Exercise instructions
The records that follow need to be printed exactly. Leave out each image.

┏━━

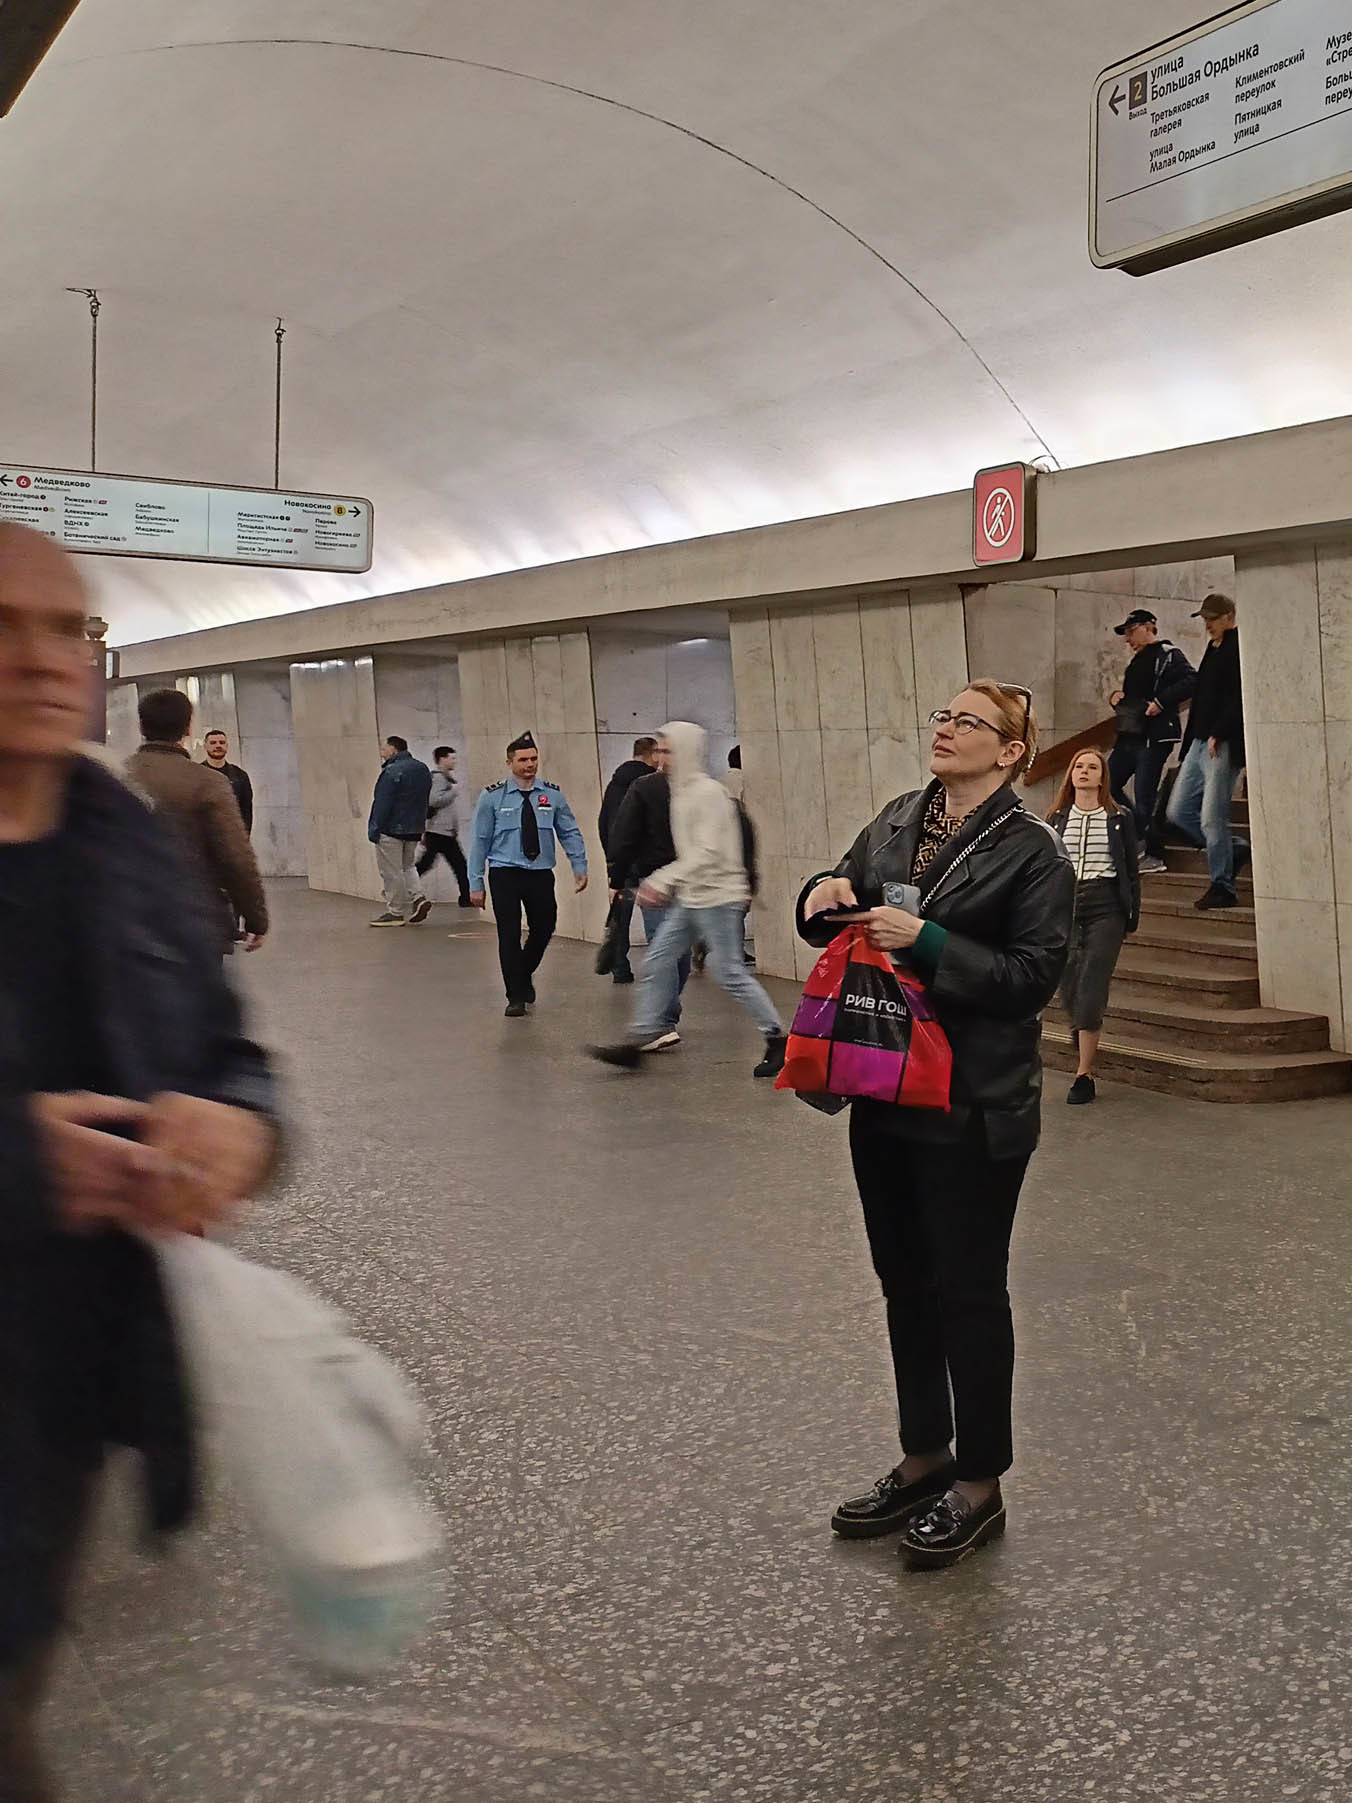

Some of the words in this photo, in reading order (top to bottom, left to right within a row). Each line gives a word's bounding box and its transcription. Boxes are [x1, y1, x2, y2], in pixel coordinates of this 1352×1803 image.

[1151, 56, 1184, 84] улица
[1151, 70, 1201, 101] Большая
[1203, 44, 1259, 78] Ордынка
[1235, 49, 1305, 88] Климентовский
[1134, 81, 1142, 101] 2
[1235, 79, 1276, 104] переулок
[1129, 107, 1147, 120] Выход
[1150, 92, 1210, 124] Третьяковская
[1235, 99, 1282, 125] Пятницкая
[1150, 117, 1182, 138] галерея
[1234, 123, 1260, 144] улица
[1150, 143, 1173, 161] улица
[1150, 156, 1176, 174] Малая
[1178, 140, 1216, 162] Ордынка
[33, 477, 91, 488] Медведково
[284, 499, 331, 510] Новокосино
[845, 993, 876, 1009] РИВ
[877, 999, 907, 1016] ГОШ

┗━━

Solution
Some of the words in this photo, in reading order (top to bottom, left to right within a row). Each line gives a word's bounding box and its transcription. Boxes are [x1, y1, x2, y2], in pixel coordinates of this 1352×1803 image.

[1151, 56, 1184, 84] улица
[1151, 70, 1201, 101] Большая
[1203, 44, 1259, 78] Ордынка
[1235, 49, 1305, 88] Климентовский
[1134, 81, 1142, 101] 2
[1235, 79, 1276, 104] переулок
[1129, 107, 1147, 120] Выход
[1150, 92, 1210, 124] Третьяковская
[1235, 99, 1282, 125] Пятницкая
[1150, 117, 1182, 138] галерея
[1234, 123, 1260, 144] улица
[1150, 143, 1173, 161] улица
[1150, 156, 1176, 174] Малая
[1178, 140, 1216, 162] Ордынка
[33, 477, 91, 488] Медведково
[284, 499, 331, 510] Новокосино
[845, 993, 876, 1009] РИВ
[877, 999, 907, 1016] ГОШ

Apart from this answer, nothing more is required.